Globally, publicly subsidised crop insurance treats profit as secondary to protection. In India, PMFBY has reversed this order—guaranteeing insurer gain while farmers absorb the uncertainty it was meant to insure against.
Until this inversion is corrected, crop insurance in India will remain what farmers already know it to be: a system where the farmer bears the risk, the government bears the cost, and the insurer takes the profit.
Footnotes
1. Ministry of Agriculture & Farmers Welfare, Government of India. Pradhan Mantri Fasal Bima Yojana (PMFBY): Operational Guidelines (Revised, 2020).
2. National Crop Insurance Portal (NCIP), Government of India. Dashboard data on premium collection, claims paid and claim ratios, accessed for agricultural seasons 2023–2025.
3. Comptroller and Auditor General of India (CAG). Performance Audit on Implementation of PMFBY, various state audit reports, including observations on delayed settlements, yield estimation issues and insurer profits.
4. Parliamentary Standing Committee on Agriculture, Government of India. Demand for Grants (Agriculture) reports, multiple sessions, observations on PMFBY coverage, claim ratios and farmer grievances.
5. State Disaster Response Fund (SDRF) Norms, Ministry of Home Affairs, Government of India, for compensation rates relating to crop damage due to floods and other natural calamities.
6. Polanyi, Karl (1944). The Great Transformation: The Political and Economic Origins of Our Time. Beacon Press.
7. Sen, Amartya (1981).
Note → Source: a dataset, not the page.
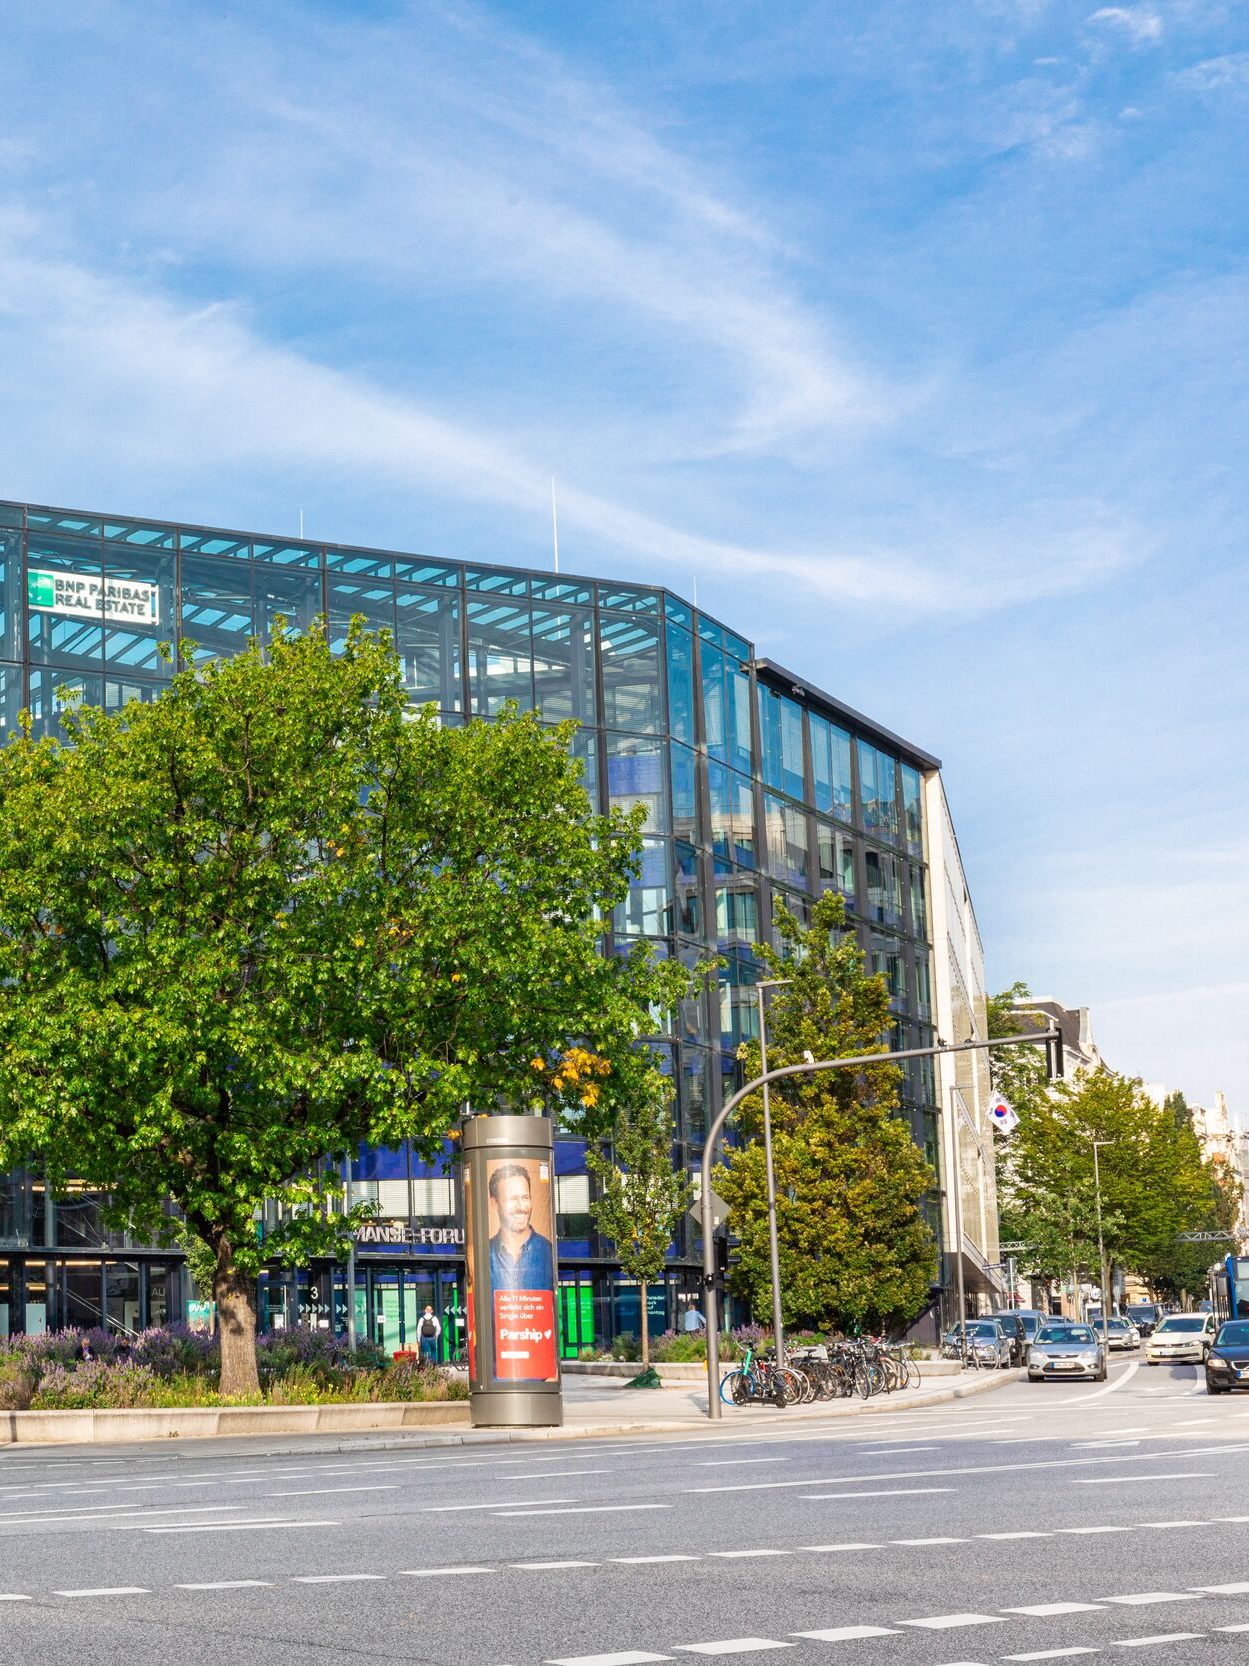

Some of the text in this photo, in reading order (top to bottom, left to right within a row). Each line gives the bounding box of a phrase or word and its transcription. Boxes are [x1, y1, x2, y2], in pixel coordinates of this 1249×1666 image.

Poverty and Famines: An Essay on Entitlement and Deprivation. Oxford University Press.
8. Swaminathan, M. S. (various speeches and writings). Observations on agricultural risk, climate vulnerability and state responsibility in Indian agriculture.
9. Patnaik, Utsa (2007). The Republic of Hunger and Other Essays. Three Essays Collective.
10. Sainath, P. (2016). Everybody Loves a Good Drought. Penguin India; and later columns on agrarian distress and policy failure.
11. US Department of Agriculture (USDA). Federal Crop Insurance Program: Standard Reinsurance Agreement (SRA)—provisions relating to profit sharing and risk pooling.
12. Organisation for Economic Co-operation and Development (OECD). Agricultural Risk Management and Insurance Models, comparative studies on crop insurance systems in the US, Canada and EU.